Hearteningly, says Ann Wilson, the female-centric bill was not a conscious choice. “The fact that we ended up with all female artists happened by accident—a fantastic accident!” says the mighty-voiced frontwoman of the tour that kicks off July 9 in Missouri. “This show is a chance for everyone to enjoy the power of these artists. They were chosen because of their talent, not their ovaries. Hopefully, soon, people will be accustomed to seeing as many talented women as men everywhere, and it will not seem like such a novelty.”

Jamie McCarthy/Getty Images
Jamie McCarthy/Getty Images

(L-R) Nancy and Ann Wilson of Heart hit the road for their Love Alive tour in July with all female openers.

Alas, for many, the idea of women touring together continues to be treated as just that: a novelty. For others, particularly those in the industry itself, it’s viewed as a huge financial risk. It’s men, the mythology goes, who sell out the big arenas and bank the big tabs at the venue bars.

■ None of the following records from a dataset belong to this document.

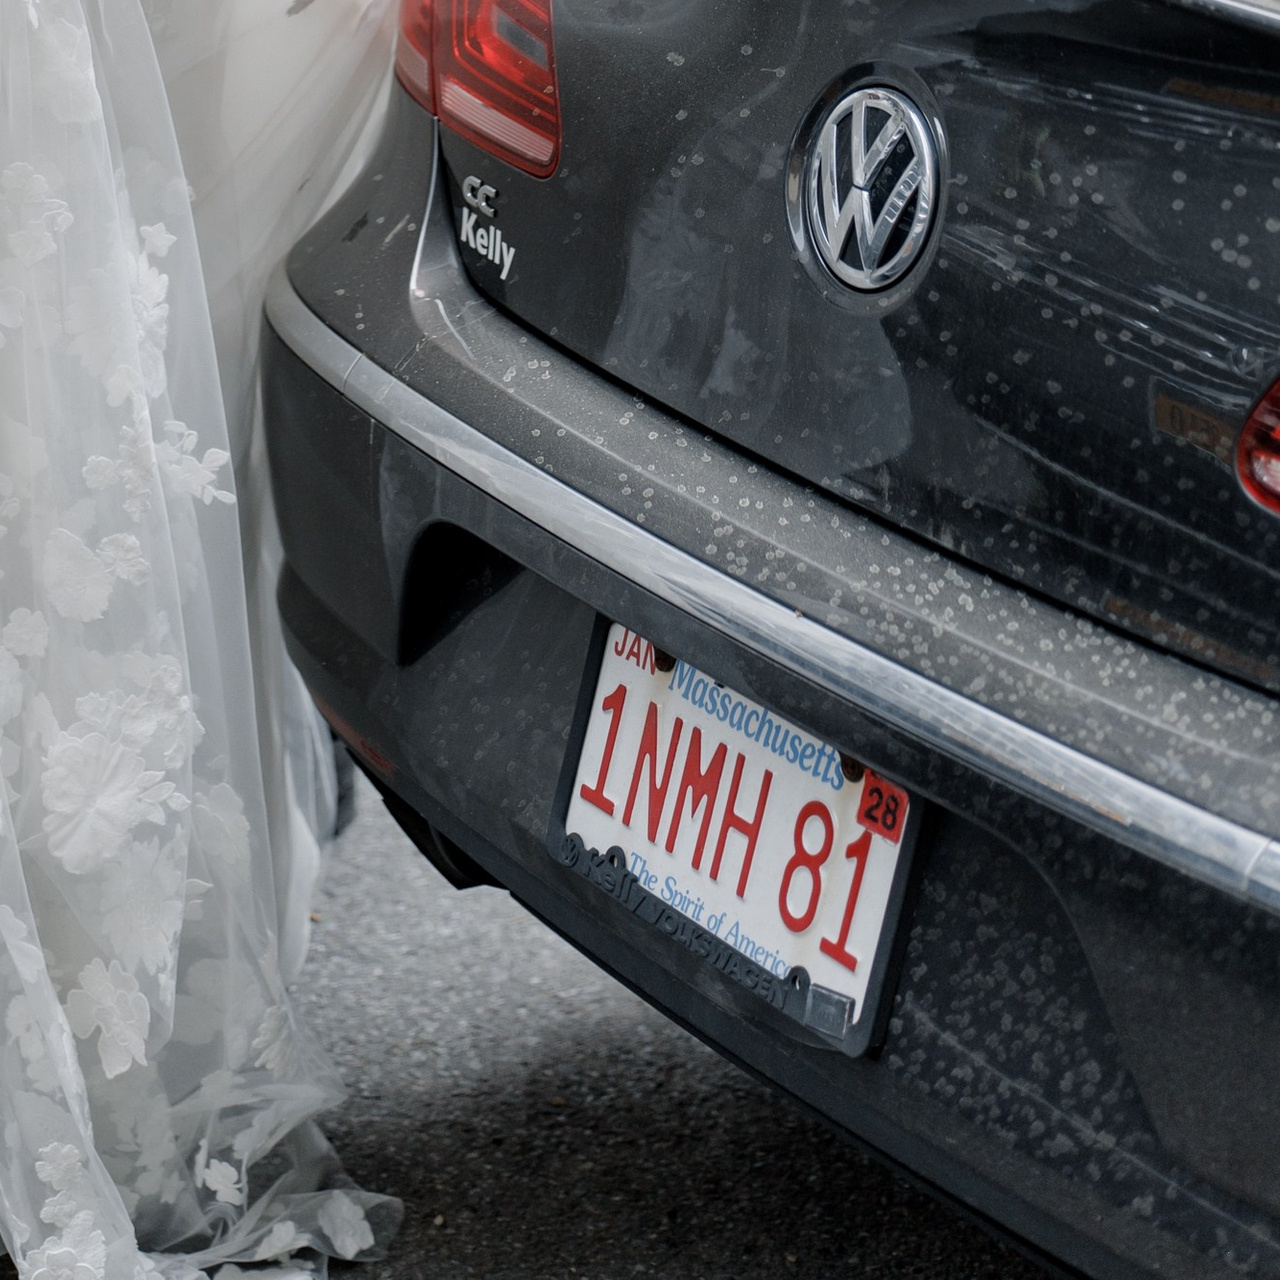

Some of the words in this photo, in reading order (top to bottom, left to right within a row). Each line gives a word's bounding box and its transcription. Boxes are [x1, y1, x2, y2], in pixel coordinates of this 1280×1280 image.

[461, 206, 516, 280] Kelly
[614, 628, 656, 675] JAN
[668, 659, 844, 791] Massachusetts
[580, 683, 774, 899] 1NMH
[778, 800, 874, 973] 81
[863, 786, 900, 831] 28
[630, 851, 658, 891] The
[660, 875, 705, 921] Spirit
[706, 912, 727, 934] of
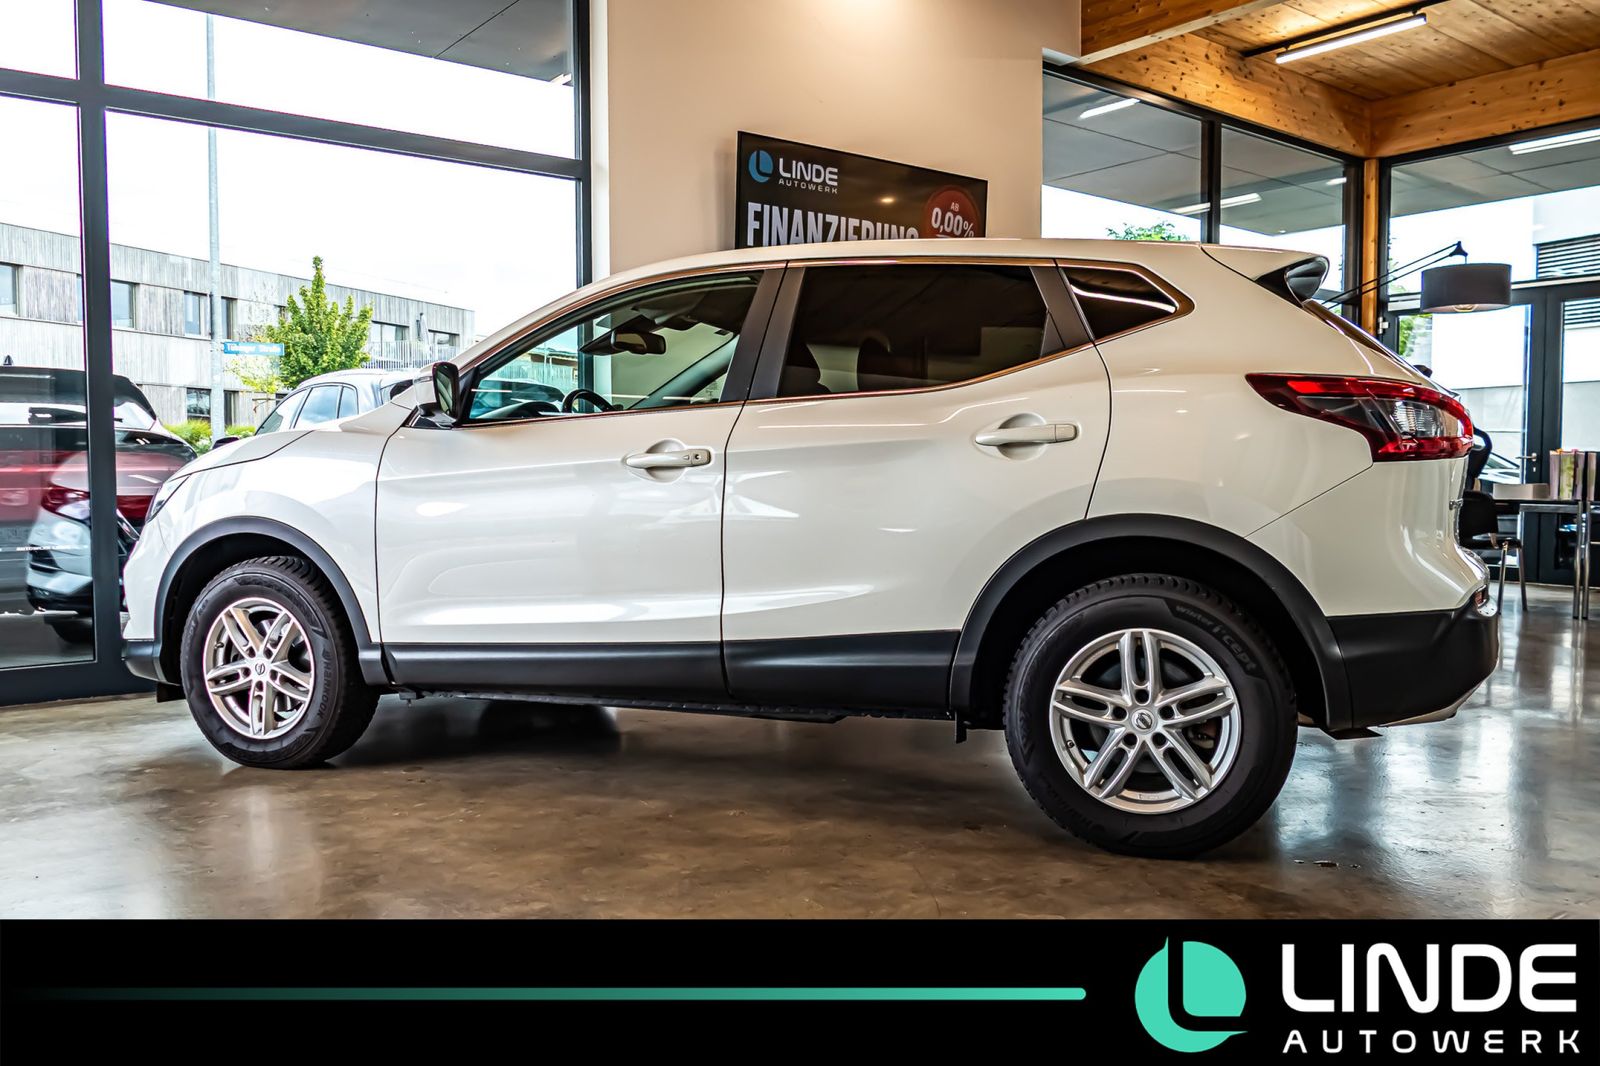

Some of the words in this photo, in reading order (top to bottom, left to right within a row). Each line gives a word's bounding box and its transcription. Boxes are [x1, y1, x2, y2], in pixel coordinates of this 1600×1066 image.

[779, 158, 838, 186] LINDE
[778, 178, 838, 194] AUTOWERK
[950, 202, 960, 212] AB
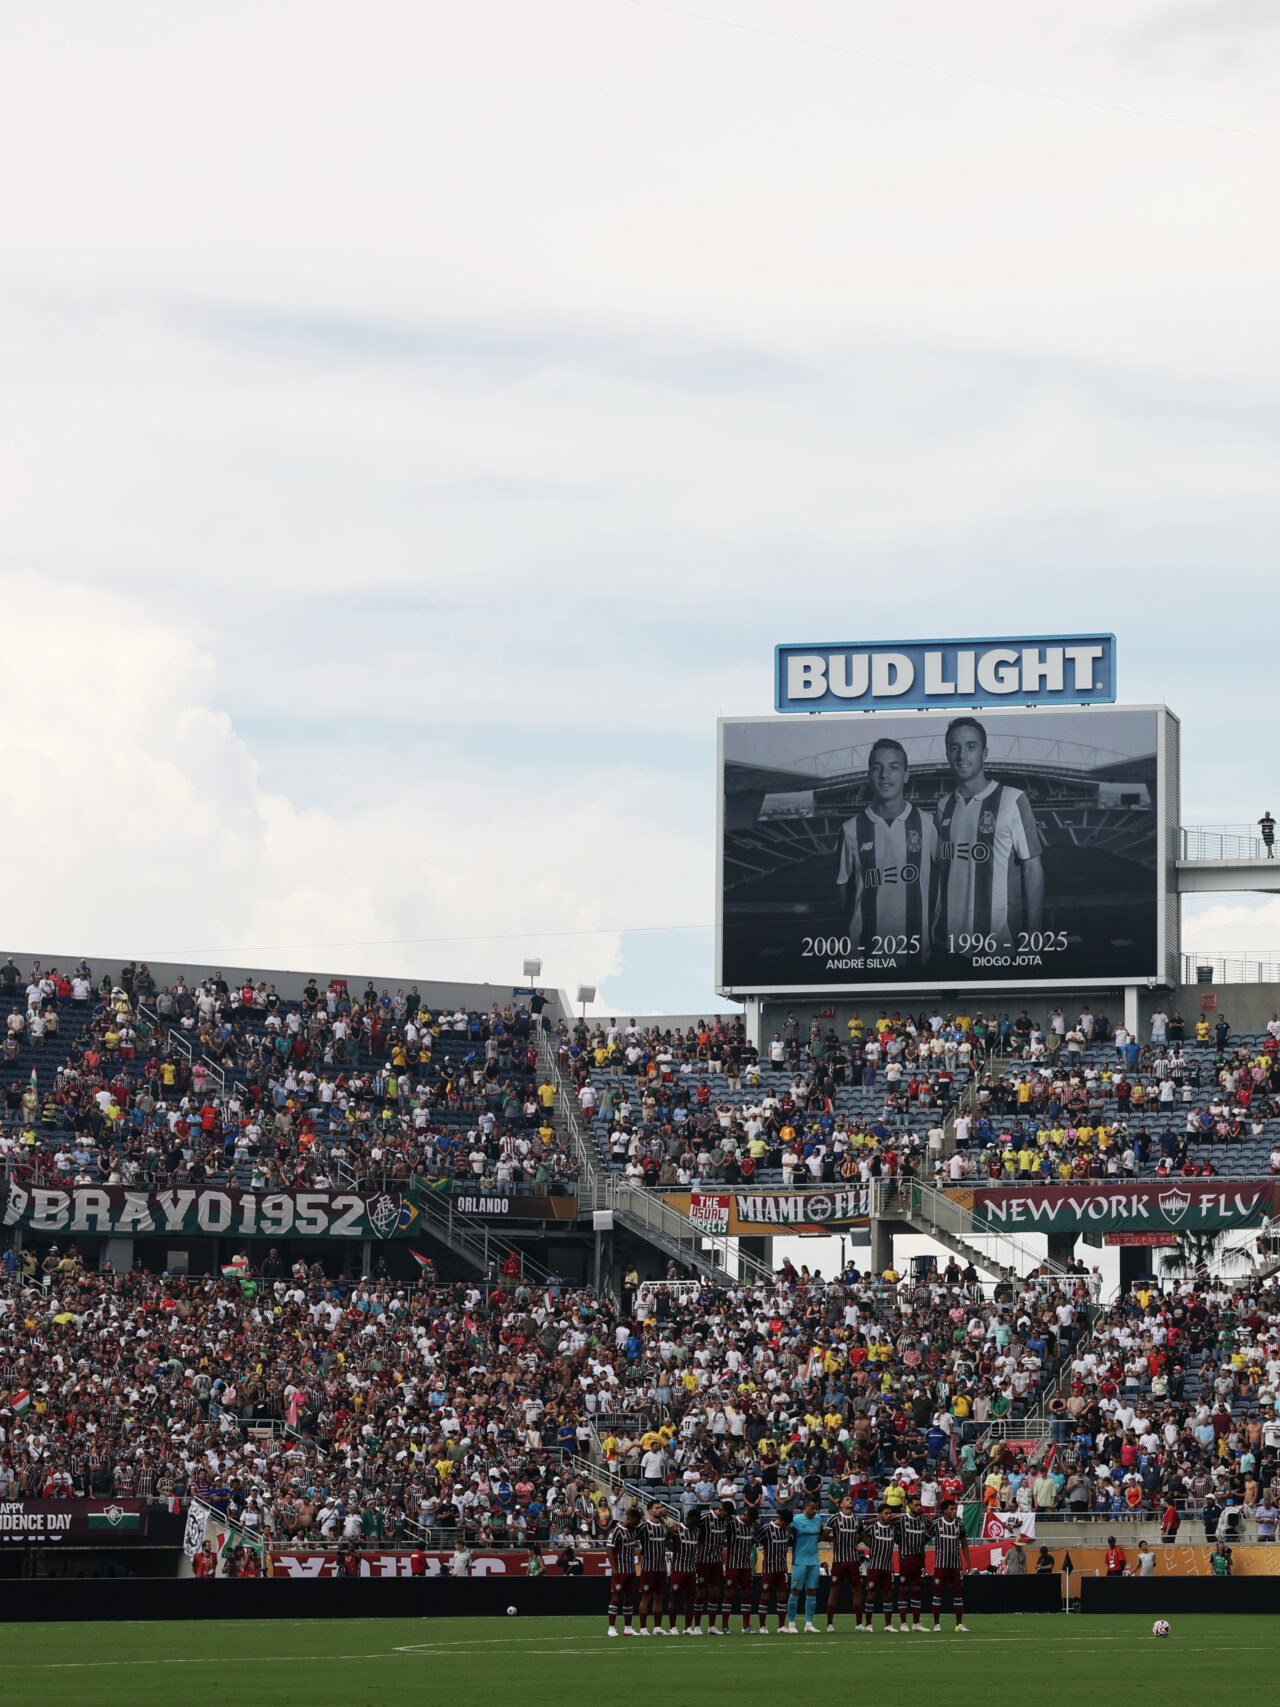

And it’s male artists who, by a sweeping percentage, dominate the festival lineups. Those myths perpetuate a cycle that feeds itself. If women don’t get the high-profile festival bookings or headlining slots, then they don’t get played on the radio. But if they don’t get played on the radio, then they don’t get the bookings. In country music, this disparity is more prevalent than ever. According to a new study by Dr. Jada Watson at the University of Ottawa, the landscape has never been as bleak for women on the airwaves: Last year, female artists represented just 11.3 percent of the songs on terrestrial country radio. And because women are systematically diminished, it’s that much harder for them to land that prized summer tour.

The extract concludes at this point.